Employers have implemented several company policies in order to alleviate stress facing their employees.
Thirty-five percent of employers implemented additional flexible scheduling, allowing employees the freedom to choose when they want to be on the clock.
Almost a quarter (21%) of employers allow their employees to work from home so they may be with their children. And 19% of employers have reduced hours for employees for additional time to care for their children.
More employers are open to helping their employees handle childcare issues, under certain conditions.
More employers would be willing to help if there was an increase in government assistance, such as “higher tax deductions allowed for childcare expenses,” and if valued employees requested assistance.
Workforce recruitment and retainment remains a top priority for Connecticut employers.
"This survey clearly shows that Connecticut employers are concerned about the impact on workforce reliability and productivity,” said Robert Wechsler, a partner at Social Venture Partners Connecticut.
“At the same time, other studies have shown that employees believe childcare issues affect their productivity even more than their employers realize. The childcare problems of both employers and employees have only been heightened during the pandemic.
“That is why raising awareness of the issues around childcare and providing the tools for employers to address these challenges is so critical now to our families' well-being, our workforce, and our state's economy."
Employers interested in additional tools and resources to address their employees’ childcare needs, including models and best practices in the workplace, can be found in the childcare needs toolkit.CT-Employer-Childcare-Toolkit_0421
The survey was emailed from Nov. 24, 2020 through Jan. 6, 2021 to more than 3,500 top executives throughout the state; 234 business leaders participated in the survey, with a response rate of 6.25% and a margin of error of +/-6%.
Connecticut Early Childhood Funder Collaborative comprises 20 funders from across the state committed to building an equitable, effective, high-quality early childhood system. It is a project of the Connecticut Council for Philanthropy, an association of grantmakers committed to promoting and supporting effective philanthropy for the public good.

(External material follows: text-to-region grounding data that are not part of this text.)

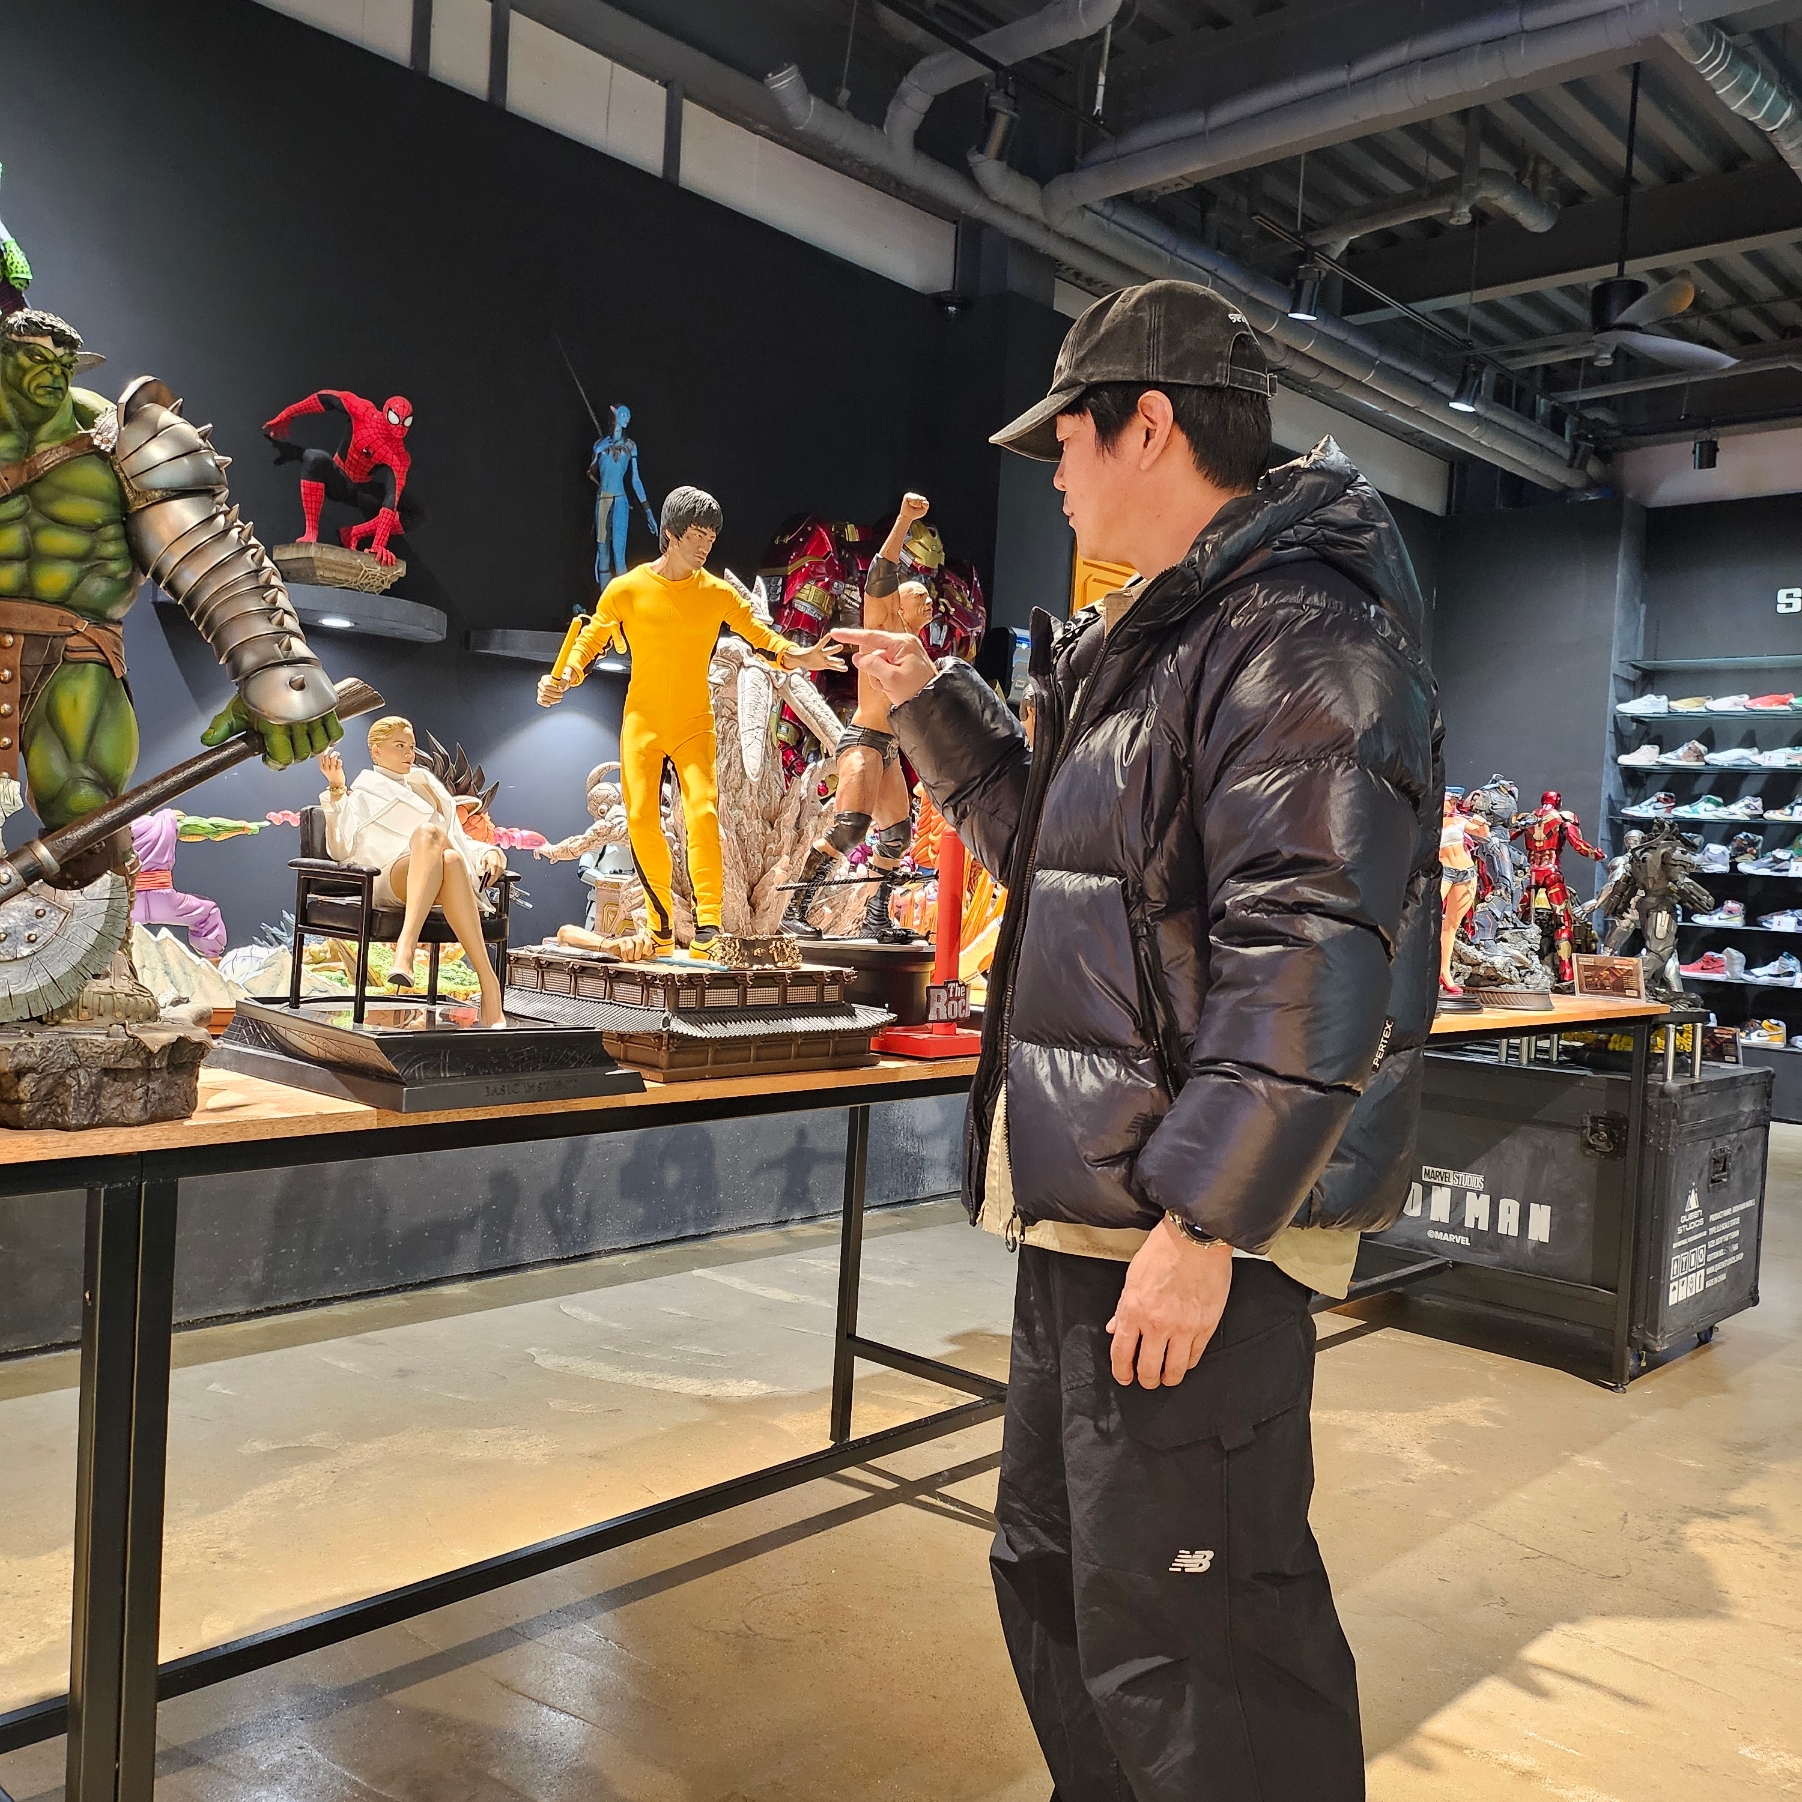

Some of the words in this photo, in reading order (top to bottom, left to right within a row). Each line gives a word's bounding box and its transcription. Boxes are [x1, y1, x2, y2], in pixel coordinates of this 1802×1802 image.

[1777, 588, 1802, 614] S
[948, 983, 966, 998] The
[1372, 1019, 1394, 1068] PERTEX
[485, 1083, 519, 1097] BASIC
[1423, 1167, 1452, 1185] MARVEL
[1452, 1171, 1485, 1191] STUDIOS
[1464, 1191, 1551, 1243] MAN
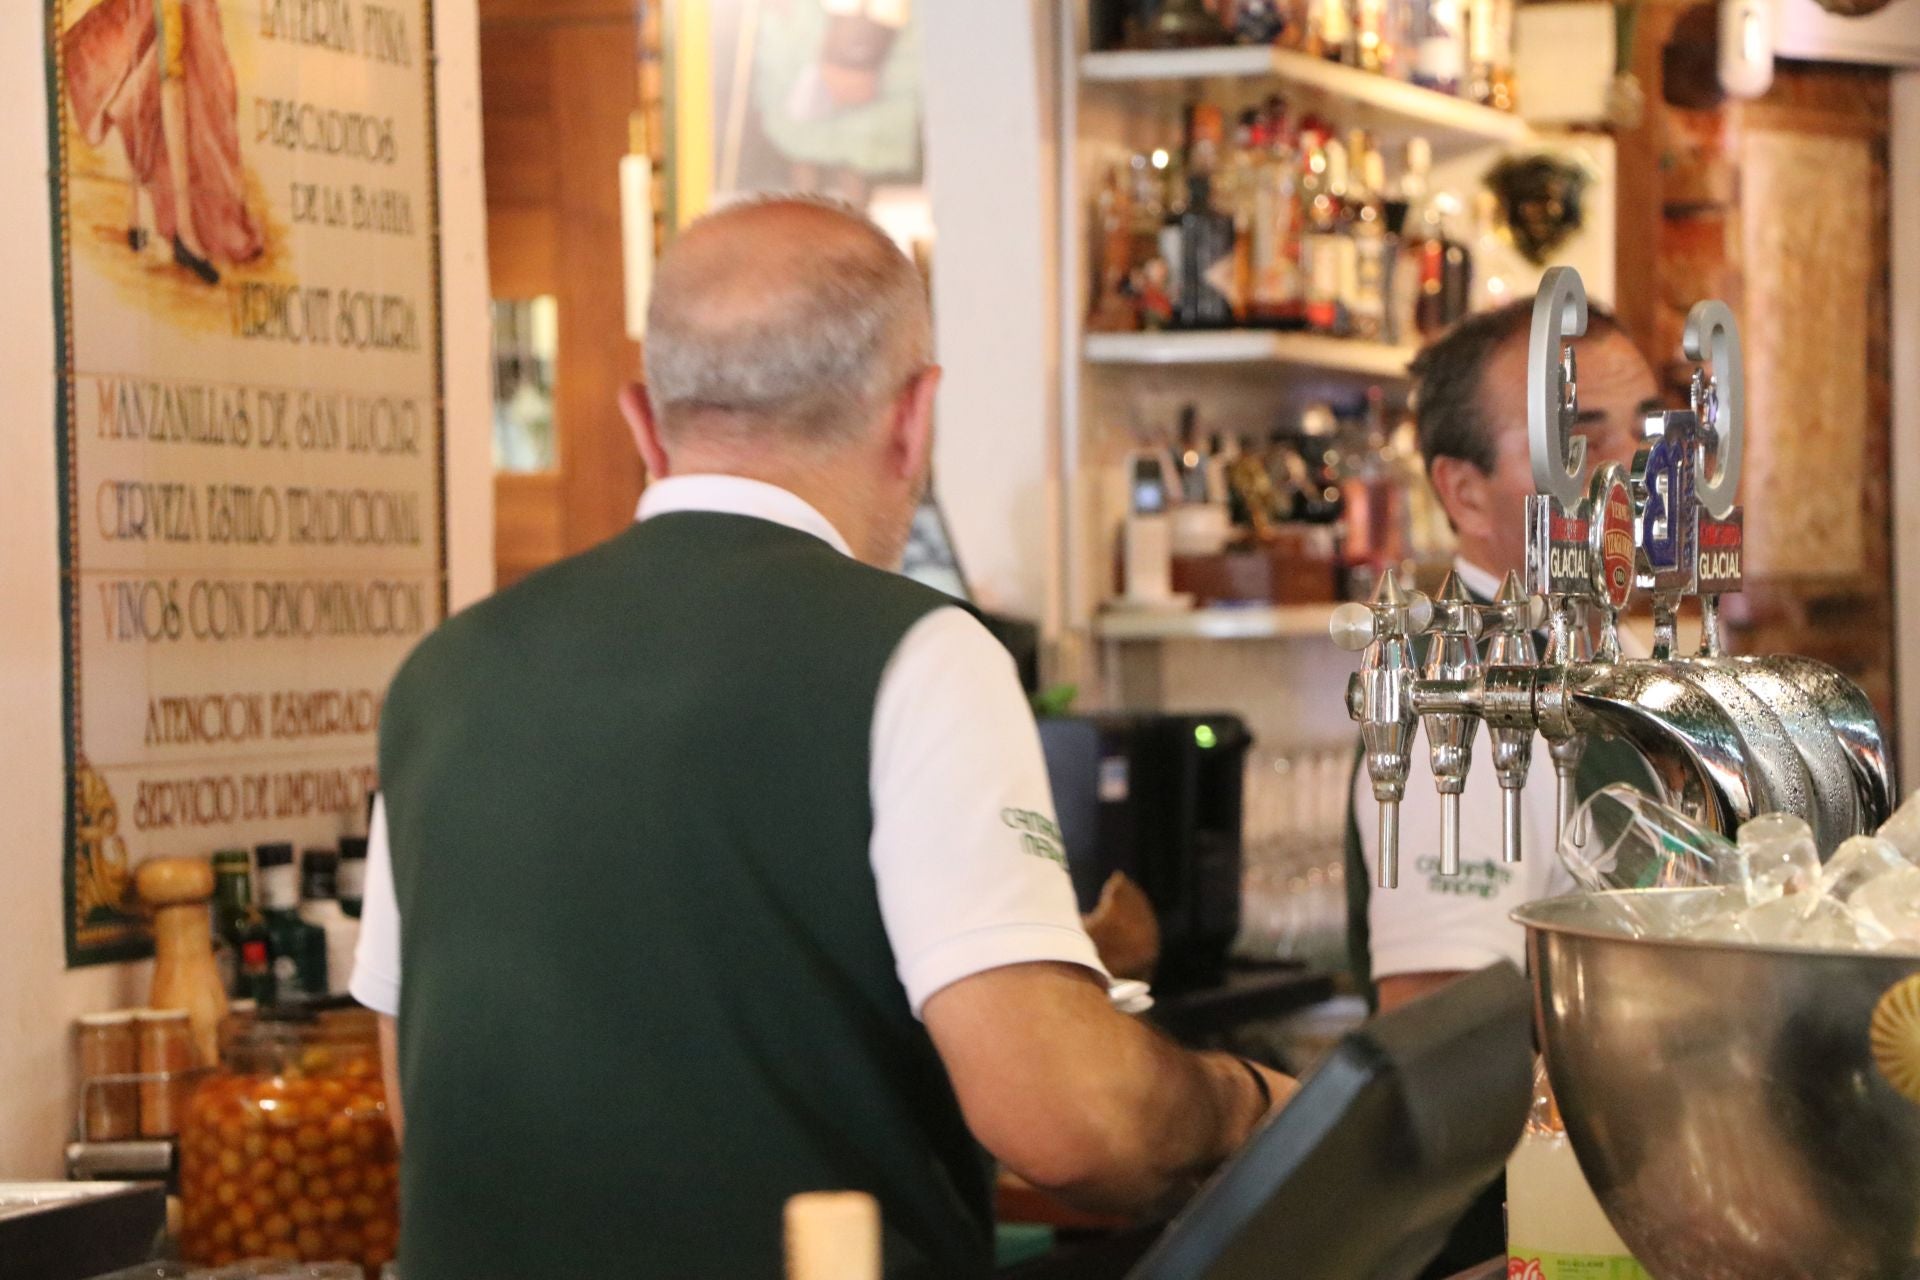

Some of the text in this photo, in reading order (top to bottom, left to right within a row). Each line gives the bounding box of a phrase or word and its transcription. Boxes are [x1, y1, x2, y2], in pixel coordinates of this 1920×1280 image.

[254, 98, 397, 166] PESCADITOS
[290, 182, 318, 224] DE
[326, 187, 347, 227] LA
[336, 287, 421, 354] SOLERA
[95, 377, 252, 450] MANZANILLAS
[257, 390, 290, 450] DE
[296, 390, 341, 452] SAN
[94, 479, 422, 548] CERVEZA ESTILO TRADICIONAL
[1550, 547, 1588, 579] GLACIAL
[1699, 550, 1742, 580] GLACIAL
[97, 579, 424, 643] VINOS CON DENOMINACION
[143, 689, 382, 748] ATENCION ESMERAD
[132, 770, 239, 833] SERVICIO
[241, 769, 268, 824] DE

CBIA is Connecticut’s largest business organization, with thousands of member companies, small and large, representing a diverse range of industries from every part of the state. For more information, please contact Joe Budd (860.244.1951).
ReadyCT is a nonprofit organization working to advance academic excellence and career-connected learning for all public school students in Connecticut through collaboration with business, civic, and education leaders. ReadyCT is a CBIA affiliate. For more information, please contact Sheryl McNamee (860.244.1109).
Social Venture Partners Connecticut consists of over 200 partners, plus staff, who scale their social impact by working together to provide capacity building to nonprofits and systems change projects, with a focus on race equity and closing the opportunity gap.